SBA ended the Hardship Accommodation Plan in March 2025, shortly after the administration took office. The April 2026 mass referral to Treasury and DOJ followed. Both actions are consistent with a government-wide push to recover pandemic-era funds and crack down on fraud. But the collateral damage (small business owners losing portions of their Social Security checks) is landing in congressional district offices across the country, generating the constituent pressure the CRS report explicitly acknowledges as a driver of this analysis.

The administration's broader effort to restructure and reduce the SBA's operational footprint adds another layer of complication. A smaller SBA is less equipped to administer any relief program, process hardship applications, or manage the ongoing complexity of a 30-year loan portfolio.

For Republicans

Republican lawmakers represent a disproportionate share of the small business owners who took out these loans. The disaster loan policy options laid out in this report (reduced interest rates, extended deferments, targeted forgiveness) are not traditionally conservative positions. But neither is watching constituents lose Social Security benefits over pandemic-era debts incurred when the federal government was actively urging businesses to borrow.

The CRS report notes that forgiving COVID EIDLs of $25,000 or less (covering roughly 1.9 million loans) would cost approximately $20 billion. Forgiving loans of $100,000 or less would cost roughly $76 billion. Those are not small numbers for a caucus focused on fiscal restraint.

For Democrats

Democrats championed the original COVID-19 small business assistance programs and have a political incentive to advocate for relief now. But they also face the awkward reality that the most aggressive recent debt collection actions, including the January 2024 decision to begin referring defaulted loans to Treasury, were initiated under the Biden administration. The CRS report's timeline makes that clear.

For the Public

The stakes for ordinary Americans are direct. The Treasury Offset Program can reduce Social Security benefit payments to recover delinquent federal debts. For a small business owner who closed their shop, exhausted their savings, and is now relying on Social Security, that offset is not a policy abstraction. The CRS report's description of available collection tools (wage garnishment, tax refund seizure, and litigation) reads, in practical terms, as a catalogue of financial hardship for people who borrowed in good faith during a national emergency.

The Bottom Line

Two things stand out from this report as essential public knowledge.

First, the scale of the problem is enormous, and the government's current approach is causing real harm to real people. $75.2 billion in COVID EIDL loans have already been written off as unrecoverable. Hundreds of thousands of borrowers are now in federal debt collection. The safety net programs Americans pay into over their working lives, like Social Security and tax refunds, are being used as collection instruments against small business owners who borrowed during the pandemic.

Second, there are no easy policy exits. The CRS report is careful and nonpartisan in its presentation, but its analysis makes clear that every relief option carries significant costs or risks. Broad loan forgiveness could cost tens of billions of dollars, reward fraudulent borrowers, set precedents that undermine the entire disaster loan framework, and compromise SBA's ability to fund disaster assistance for future hurricanes, floods, and wildfires. Doing nothing continues the current trajectory of defaults, charge-offs, and constituent hardship.

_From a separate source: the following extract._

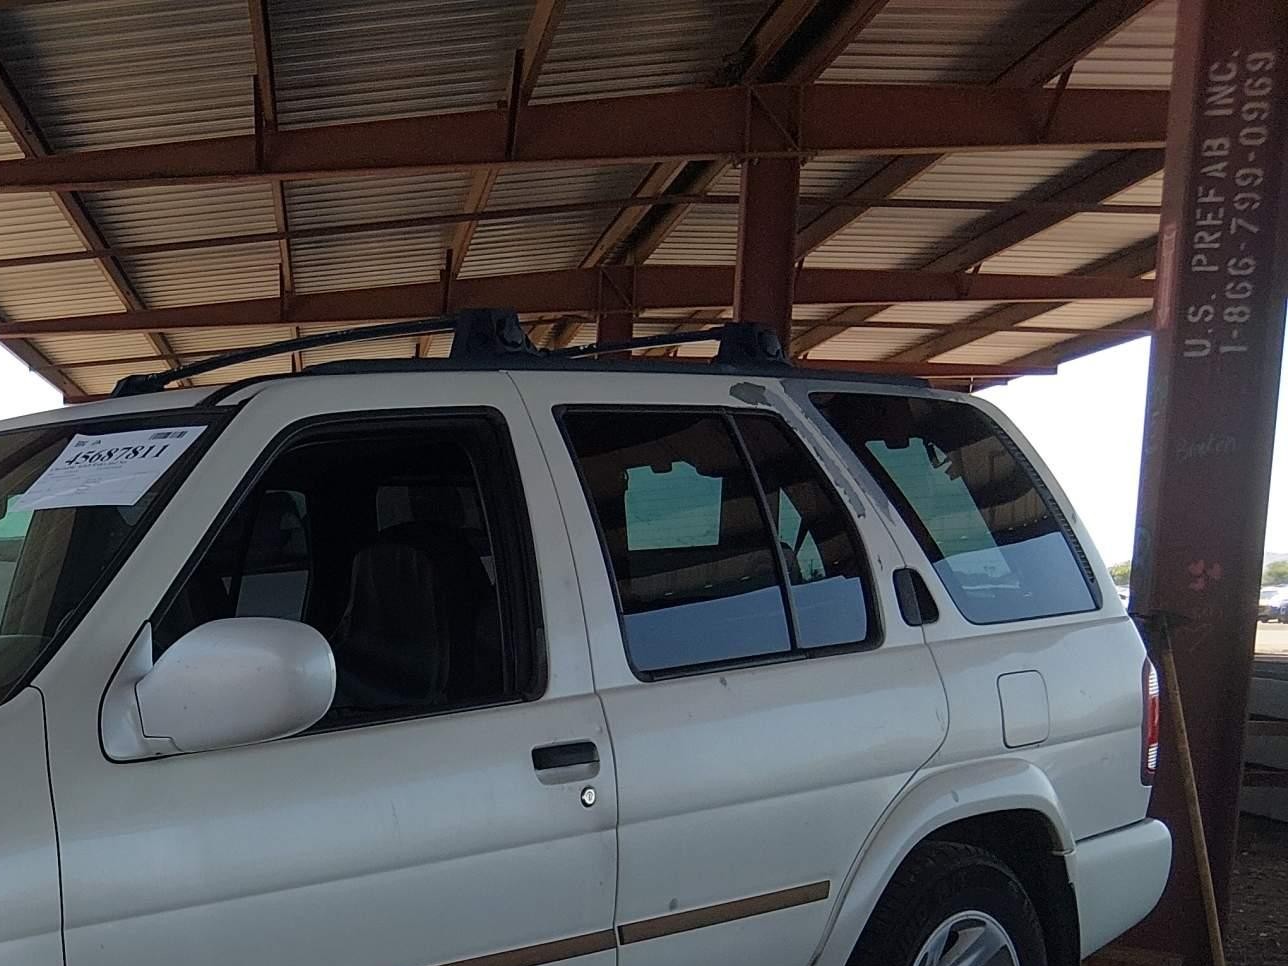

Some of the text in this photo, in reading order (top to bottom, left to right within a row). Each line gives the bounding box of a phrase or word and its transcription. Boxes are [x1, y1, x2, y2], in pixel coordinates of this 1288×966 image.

The report notes that disaster loan forgiveness has happened only twice in the program's history: after Hurricane Betsy in 1965, and through the Paycheck Protection Program, which was explicitly designed as a forgivable loan from its inception, unlike the EIDL program.

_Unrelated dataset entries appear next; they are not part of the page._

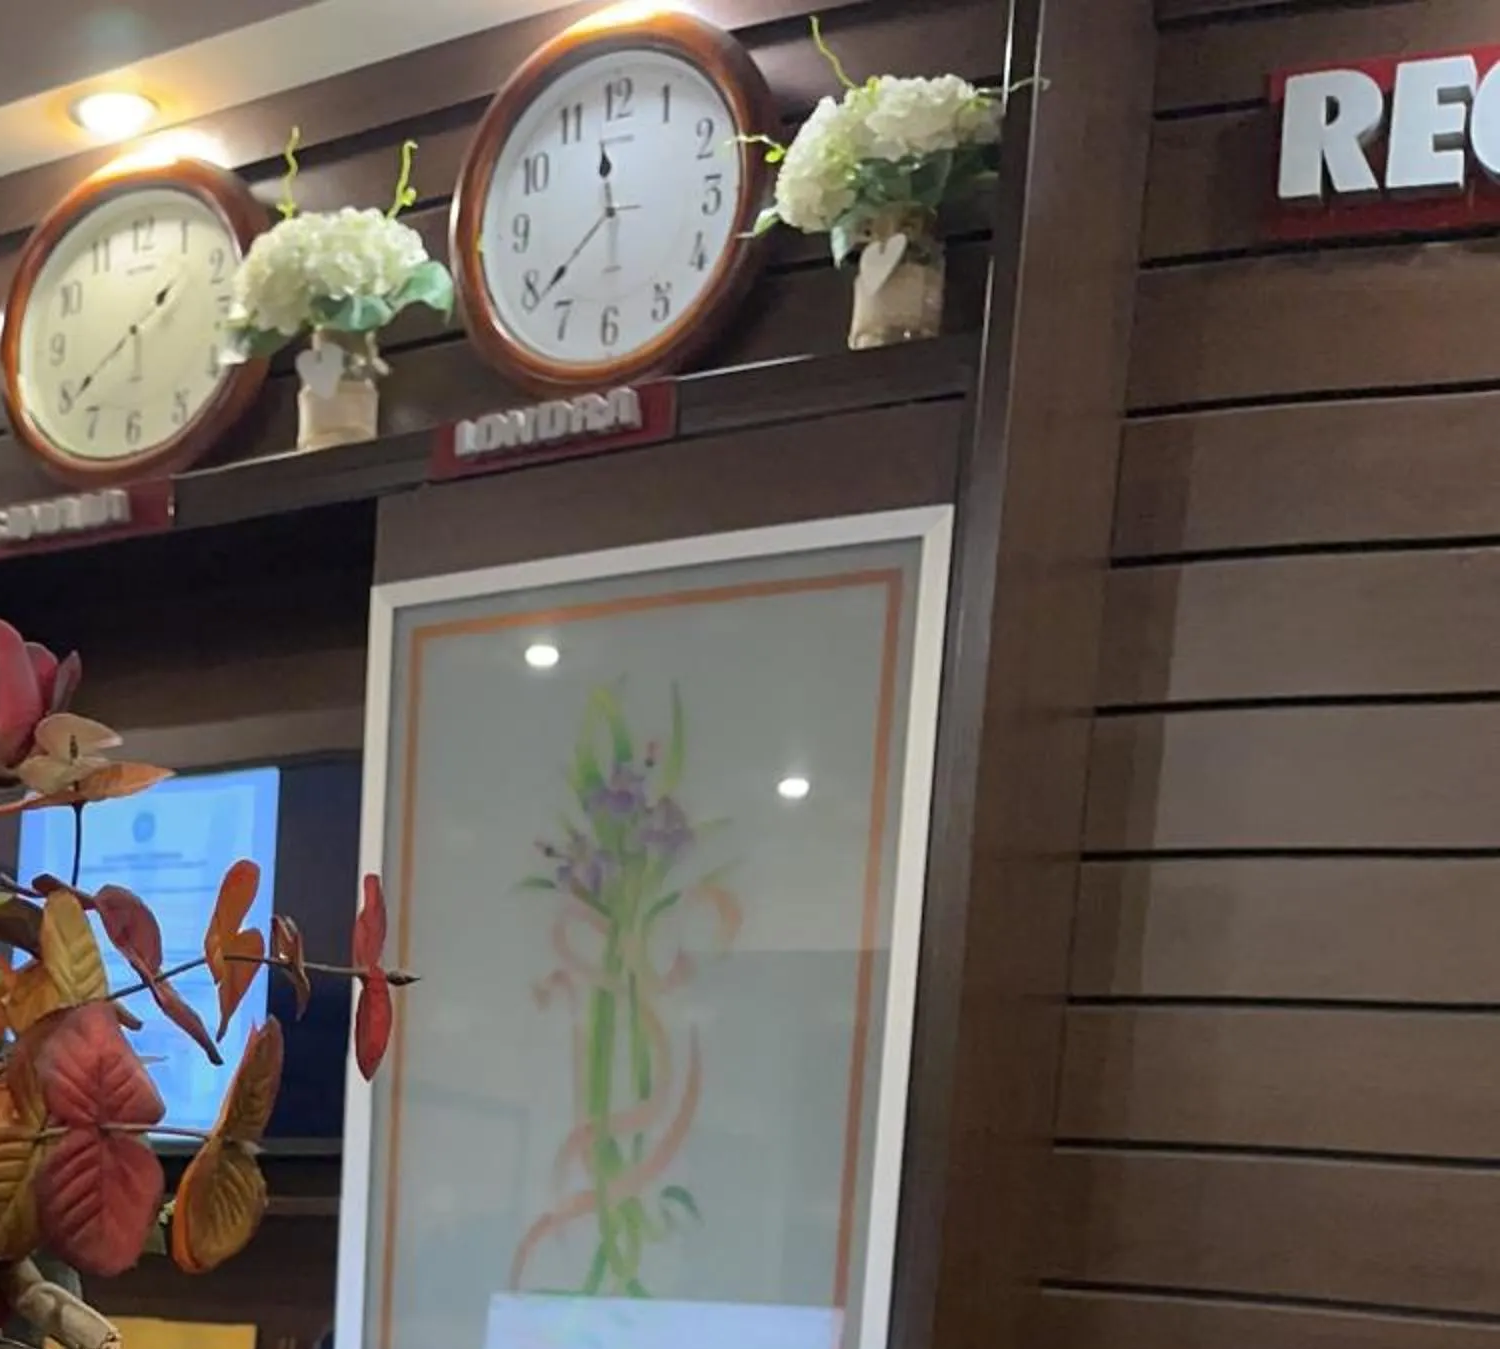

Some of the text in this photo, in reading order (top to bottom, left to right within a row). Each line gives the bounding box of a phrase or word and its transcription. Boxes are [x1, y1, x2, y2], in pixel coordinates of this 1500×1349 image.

[604, 77, 634, 121] 12
[661, 83, 670, 124] 1
[560, 102, 583, 145] 11
[696, 116, 714, 160] 2
[524, 151, 549, 195] 10
[702, 173, 722, 216] 3
[132, 215, 155, 254] 12
[181, 219, 188, 255] 1
[512, 213, 530, 253] 9
[689, 231, 707, 271] 4
[91, 238, 111, 275] 11
[209, 248, 225, 285] 2
[61, 279, 83, 319] 10
[521, 269, 540, 314] 8
[651, 281, 673, 322] 5
[554, 299, 575, 341] 7
[601, 305, 619, 346] 6
[50, 332, 65, 367] 9
[58, 379, 75, 416] 8
[170, 388, 191, 425] 5
[84, 404, 101, 441] 7
[126, 410, 142, 446] 6
[455, 385, 643, 458] LONDRA

Congress built the COVID EIDL program as a loan program. The borrowers who took those loans understood they would need to repay them. What neither Congress nor those borrowers fully anticipated was that the economic disruption of the pandemic would prove long enough and deep enough that repayment, for a significant share of borrowers, would become impossible. The gap between what was promised and what is possible is the policy problem this report is trying to help Congress solve.